München - Der Christopher Street Day ist mehr als nur eine laute, bunte Feier, betont Pressesprecherin Rita Braaz. Gerade in diesem Jahr bekennt man in noch kräftigeren Tönen politisch Farbe. Die Wahlen stehen heuer im Mittelpunkt.

„Auf dem Festival können wir unsere Forderungen an Politik und Gesellschaft in die Öffentlichkeit tragen“, sagt Thomas Niederbühl, politischer CSD-Sprecher und Stadtrat der Rosa Liste . Einige Beispiele:

- Schwule, Lesben, Bisexuelle und Transgender sollen auf Bundes- und Landesebene in der Gleichstellungspolitik verankert werden.

- Das Adoptionsrecht und die Eheöffnung sollen gewährleistet werden.

- Anti-Diskriminierung soll im Grundgesetz verankert werden. „Im Alltag müssen Lesben, Schwule, Bisexuelle und Transgender immer noch Diskriminierungen und Ausgrenzungen erfahren“, so der CSD.

- Doch gefeiert wird natürlich auch: Gleich am kommenden Samstag, 6. Juli, etwa beim Lesbischen Angertor-Straßenfest (15 bis 23 Uhr), das den CSD eröffnet.

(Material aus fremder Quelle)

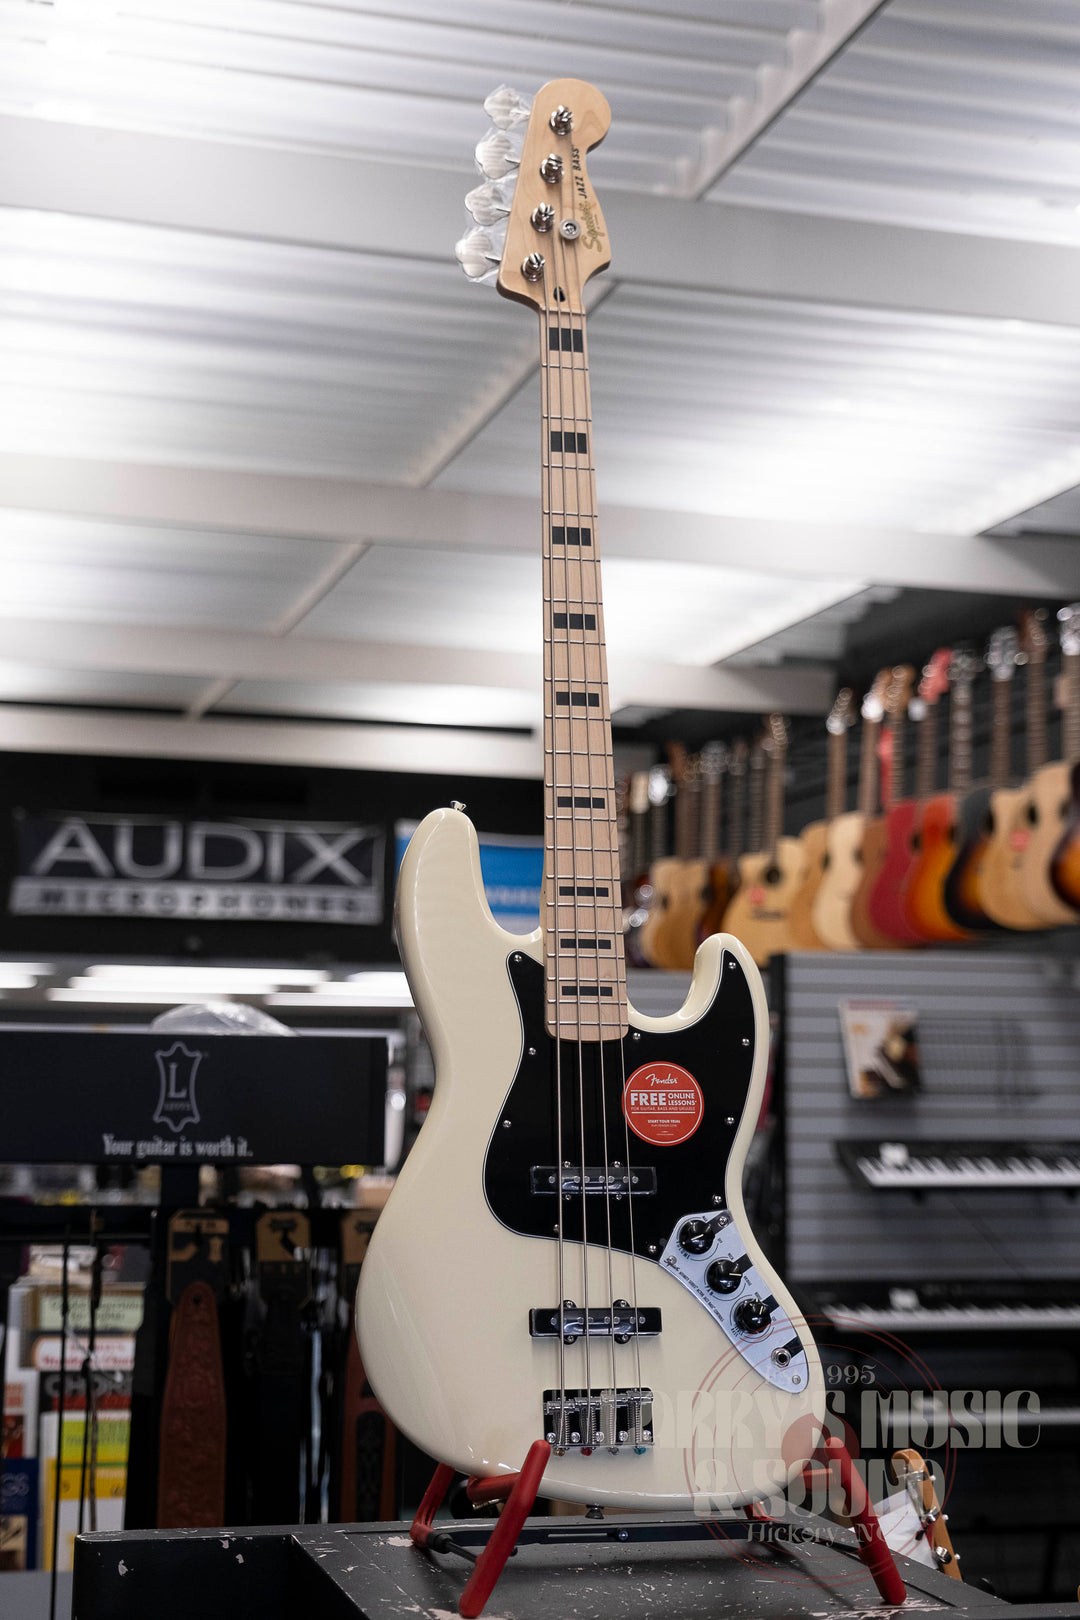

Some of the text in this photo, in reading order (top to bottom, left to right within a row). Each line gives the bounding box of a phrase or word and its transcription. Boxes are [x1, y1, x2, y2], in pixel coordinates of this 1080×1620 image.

- Die Polit-Parade startet eine Woche später am Samstag, 13. Juli, um 12 Uhr am Marienplatz. Weiter geht’s über den Promenadeplatz zum Stachus, Sendlinger Tor, Müllerstraße, Gärtnerplatz, Reichenbachstraße, Frauenstraße und wieder zurück ins Zentrum.

- Am Wochenende des 13. und 14. Julis findet von 12 bis 24 Uhr das Straßenfest statt: auf dem Marienplatz mit Showbühne, am Rindermarkt mit Partyzone, auf dem Marienhof mit Regenbogenfamilien-Area. Bereits gute Tradition ist etwa auch das CSD-RathausClubbing, das am Samstag (13.) von 22 bis 5 Uhr morgens den neogotischen Bau in seinen Grundfesten erschüttert.